DATA FOR THE TASK:
====
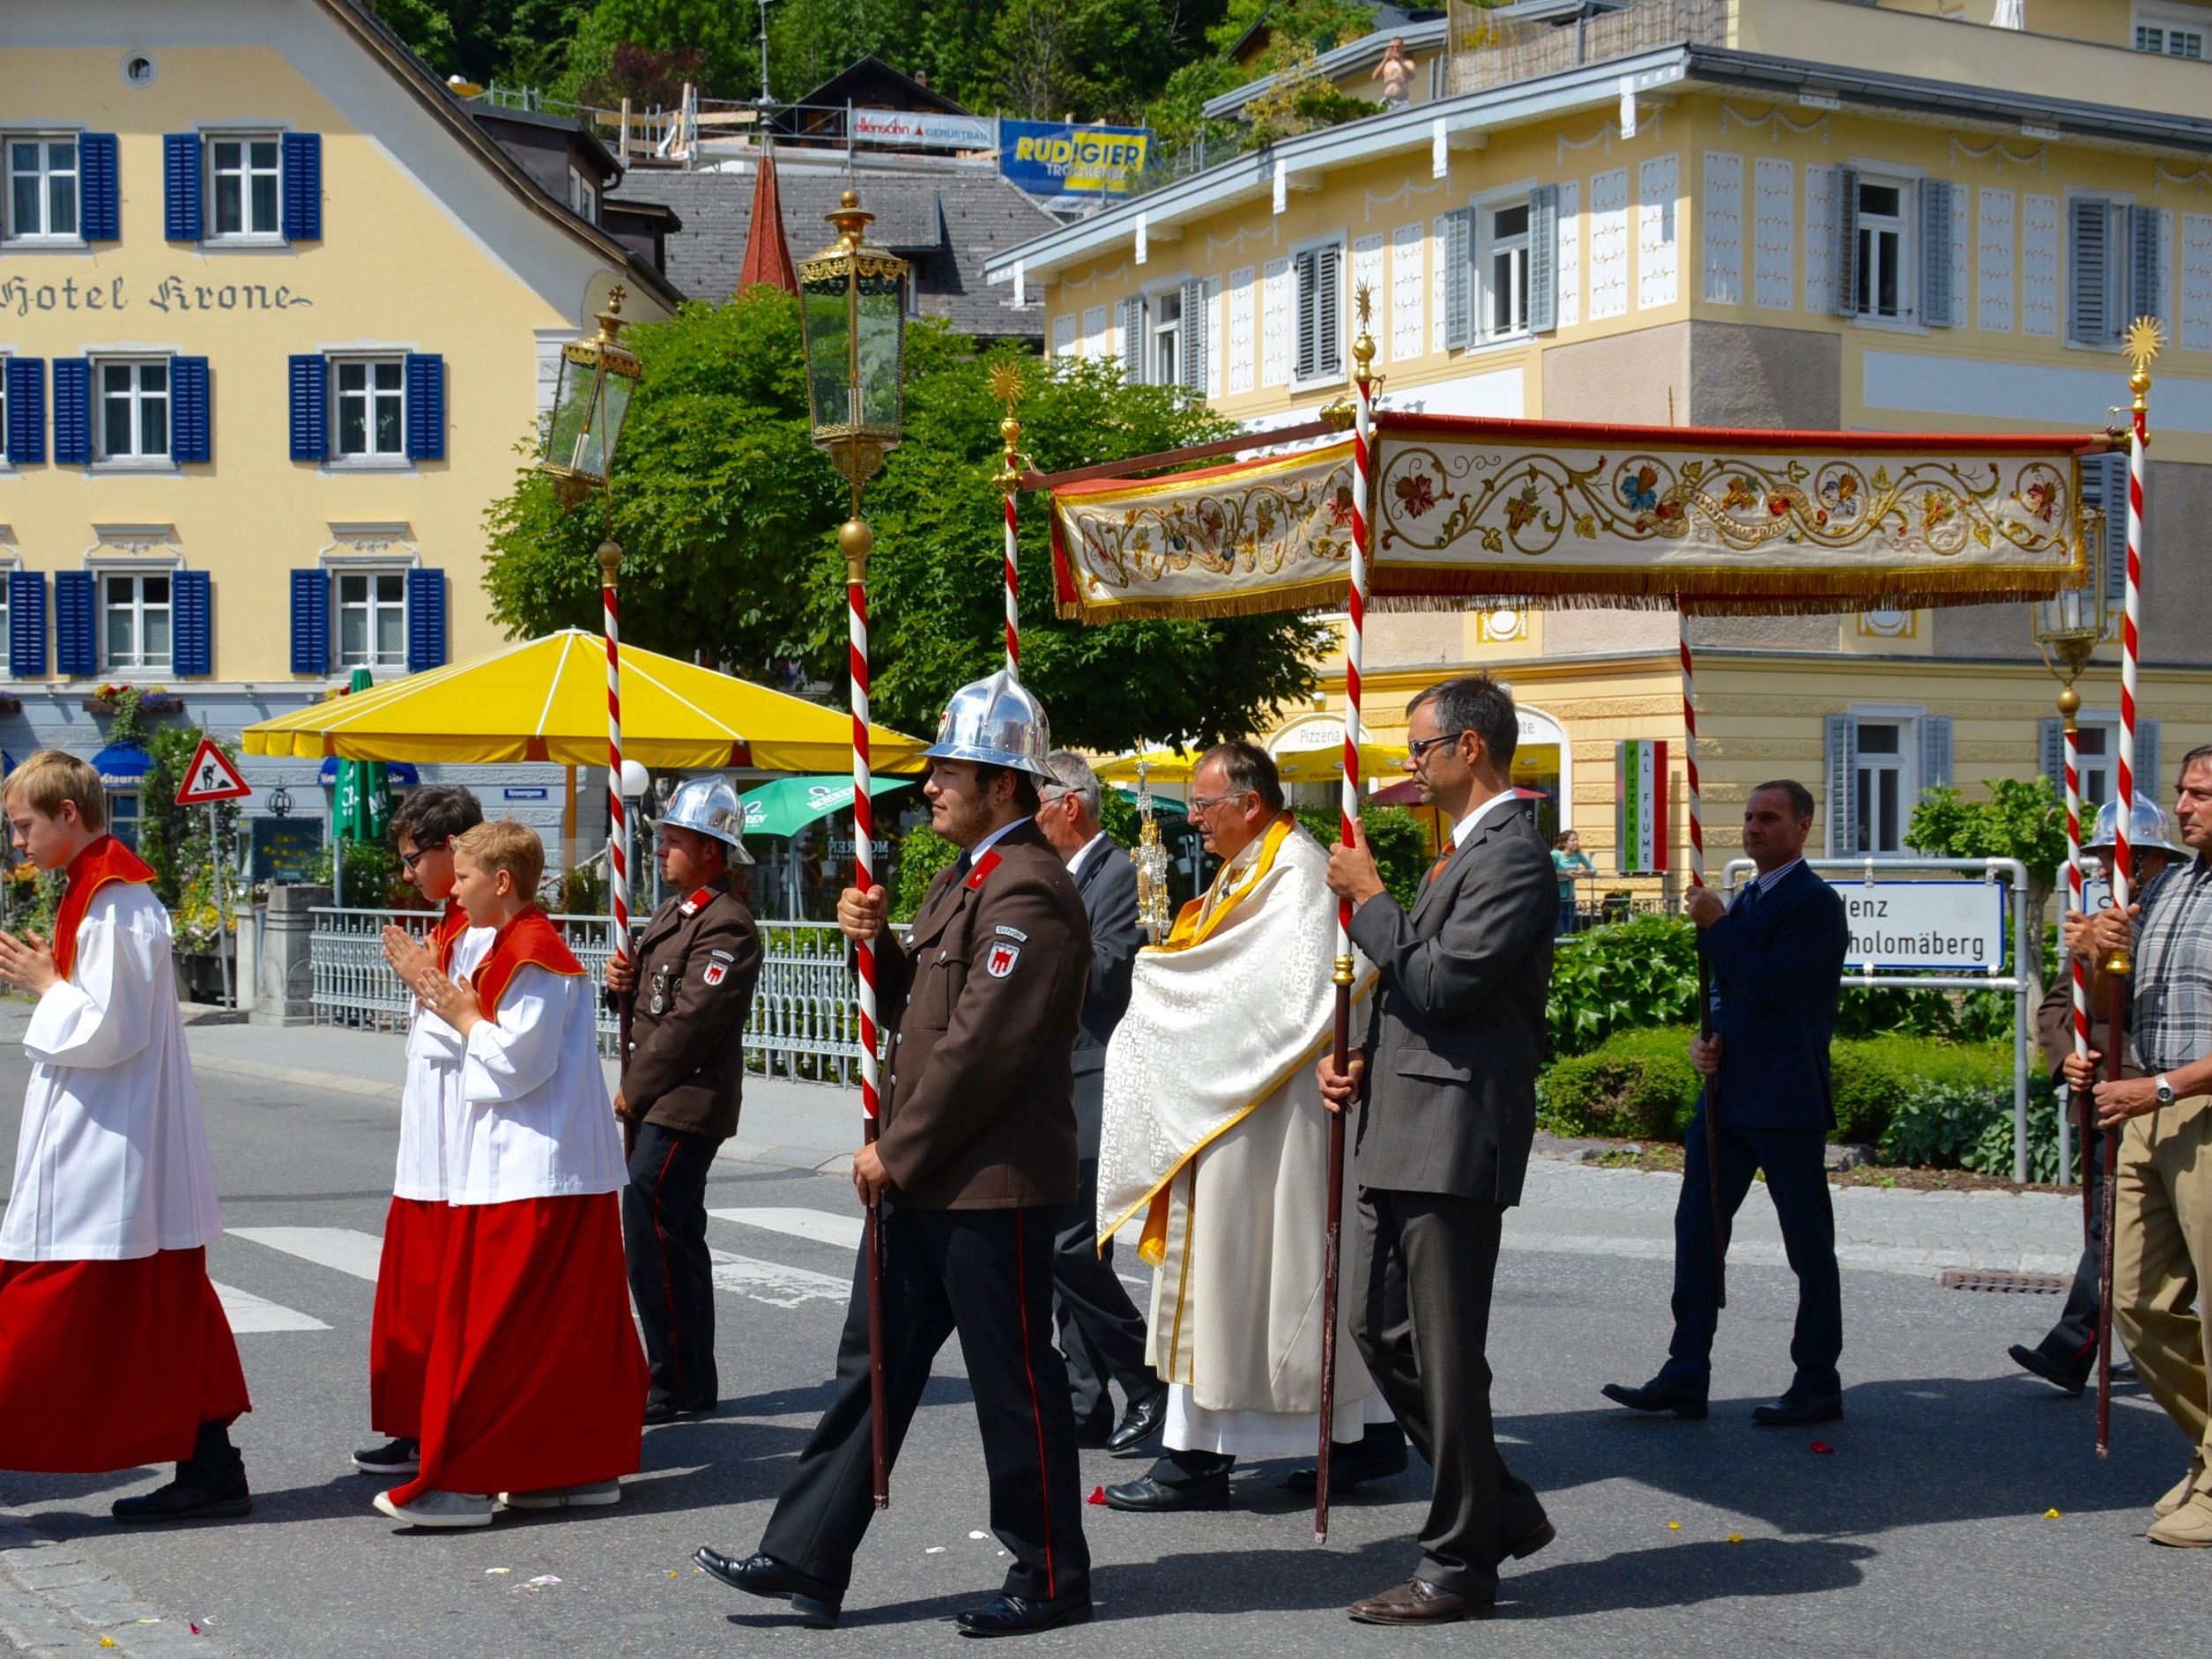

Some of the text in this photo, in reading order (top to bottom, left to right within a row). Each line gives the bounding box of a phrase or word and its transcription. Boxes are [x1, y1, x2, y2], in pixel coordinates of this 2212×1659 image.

[1015, 136, 1139, 167] RUDIGIER
[0, 276, 313, 317] Hotel Krone
[1300, 730, 1340, 743] Pizzeria
[1642, 749, 1651, 863] AL FIUME
[1849, 930, 1984, 961] holomäberg
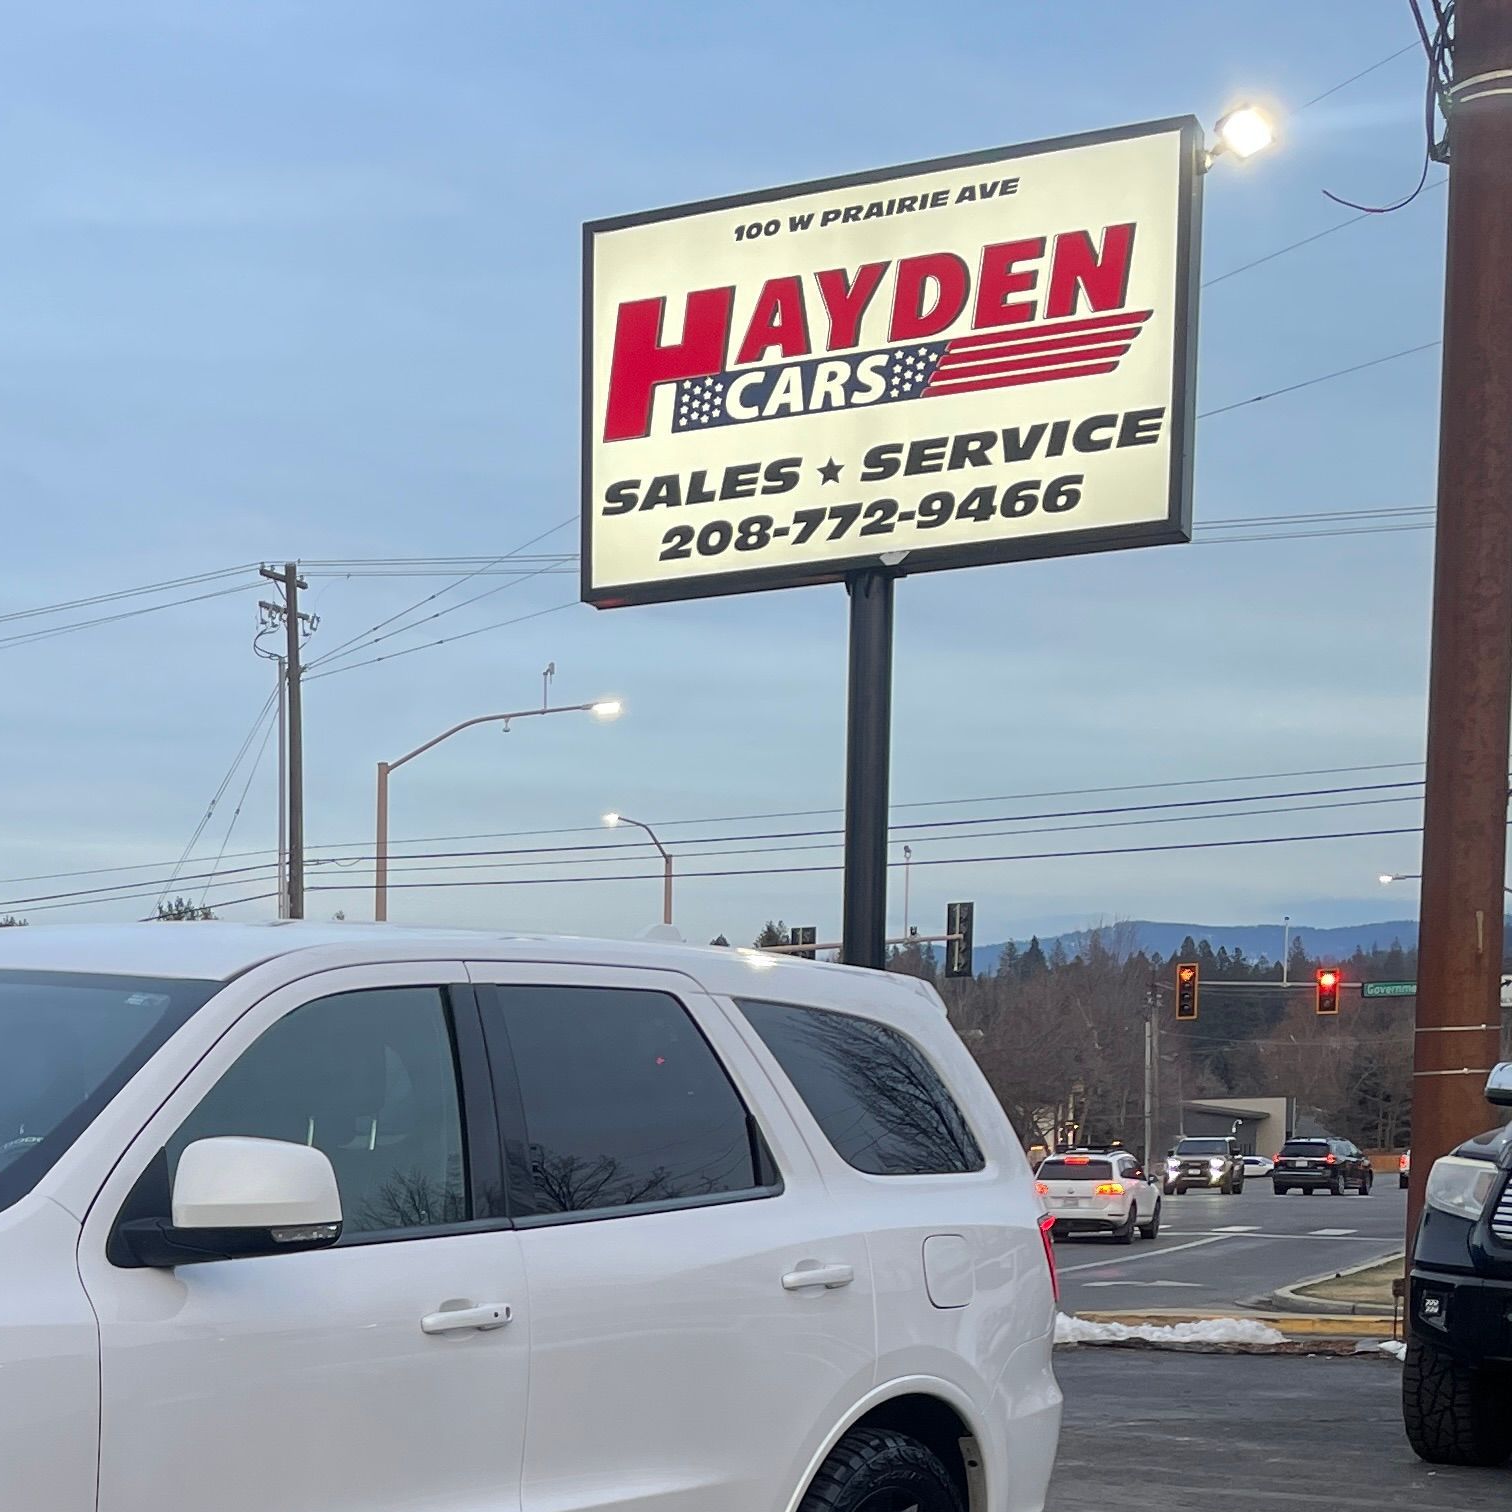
====
Every record above needs to be repeated exactly; pictures are to be left out.

Some of the text in this photo, in reading order (top to bottom, left to right within a row). Each line gives the bounding box of a phrase or word and its transcription. Boxes are [x1, y1, x2, y2], in pixel coordinates of this 2212×1659 image.

[1015, 136, 1139, 167] RUDIGIER
[0, 276, 313, 317] Hotel Krone
[1300, 730, 1340, 743] Pizzeria
[1642, 749, 1651, 863] AL FIUME
[1849, 930, 1984, 961] holomäberg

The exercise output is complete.